Tentang siapa orientalis yang pertama kali mengadakan kajian di bidang ini, belum ditemukan kepastian sejarah. Dalam hal ini para ahli berbeda pendapat. Menurut G.H.A. Joynboll, sarjana Barat yang pertama kali melakukan kajian skeptik terhadap hadis adalah Alois Spenger yang kemudian diikuti oleh Sir William Muir dalam karyanya life of Mohamet. Menurut M. Musthafa Azami, orientalis yang pertama kali melakukan kajian hadis adalah Ignaz Goldziher, seorang Yahudi kelahiran Hongaria (1850-1920 M) melalui karyanya yang berjudul Muhamedanische Studien pada tahun 1980 yang berisi pandangannya tentang hadis.
Terlepas dari perbedaan pendapat di atas, hal yang perlu diketahui adalah bahwa ternyata Goldziher telah berhasil menanamkan keraguan terhadap otentitas hadis yang dilengkapi dengan studi-studi ilmiah yang dilakukannya, sehingga karyanya dianggap sebagai ”kitab suci” oleh para orientalis sendiri.[7]
Kemudian kehadiran Joseph Schacht melalui bukunya The Origin of Muhammadan Jurisprudence yang terbit pada tahun 1950 dianggap sebagai ”kitab suci kedua” oleh para orientalis berikutnya juga telah membawa dampak yang kuat terhadap terhadap sejumlah kajian hadis di kalangan orientalis. Kedua orang inilah yang mempunyai peranan yang besar dalam pengkajian hadis dikalangan orientalis. Bahkan, menurut Ali Musthafa Ya’kub, untuk mengetahui kajian hadis dikalangan orientalis, cukup dengan hanya menelusuri pendapat kedua tokoh ini, karena para orientalis sesudah mereka pada umumnya hanya mengikuti pendapat keduanya.[8]
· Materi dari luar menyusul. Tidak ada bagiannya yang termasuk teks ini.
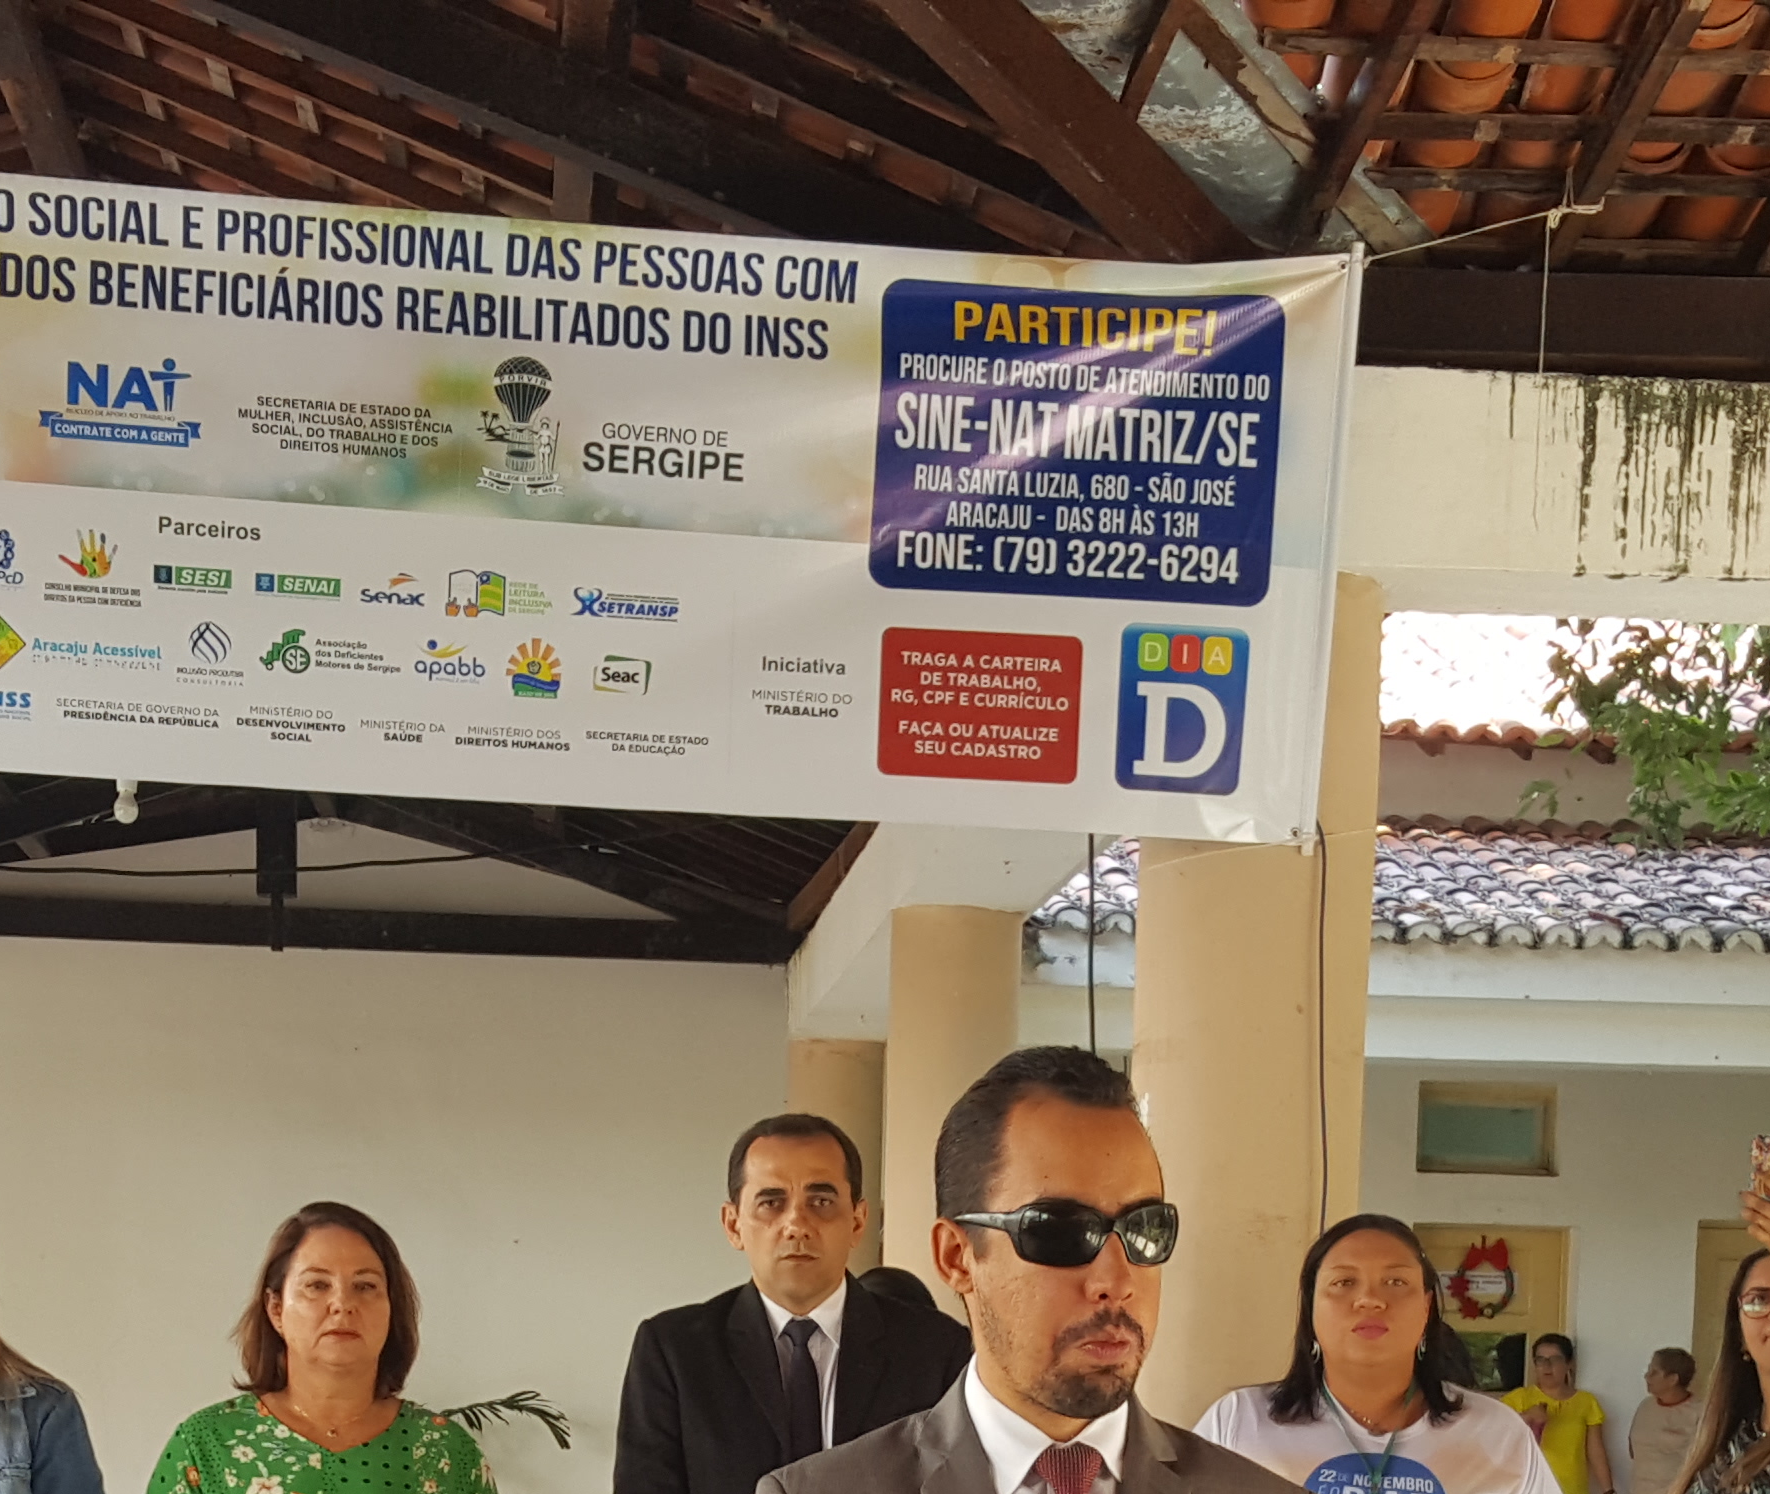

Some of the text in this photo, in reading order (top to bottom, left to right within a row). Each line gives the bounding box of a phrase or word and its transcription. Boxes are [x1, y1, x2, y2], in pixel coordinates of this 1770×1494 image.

Ada beberapa faktor yang mendorong hadist menjadi kajian para orientalis; Pertama, lebih mudahnya usaha memburukkan islam melalui penyelidikkan hadis dibanding penelitian terhadap Al-qur’an. Beberapa studi yang di buat secara serius, objektif, dan jauh dari polemik telah menunjukkan adanya keinginan kuat para orientalis untuk mendiskriditkan Islam. Kedua, banyaknya kontradiksi dalam materi corpus hadis itu sendiri.[9]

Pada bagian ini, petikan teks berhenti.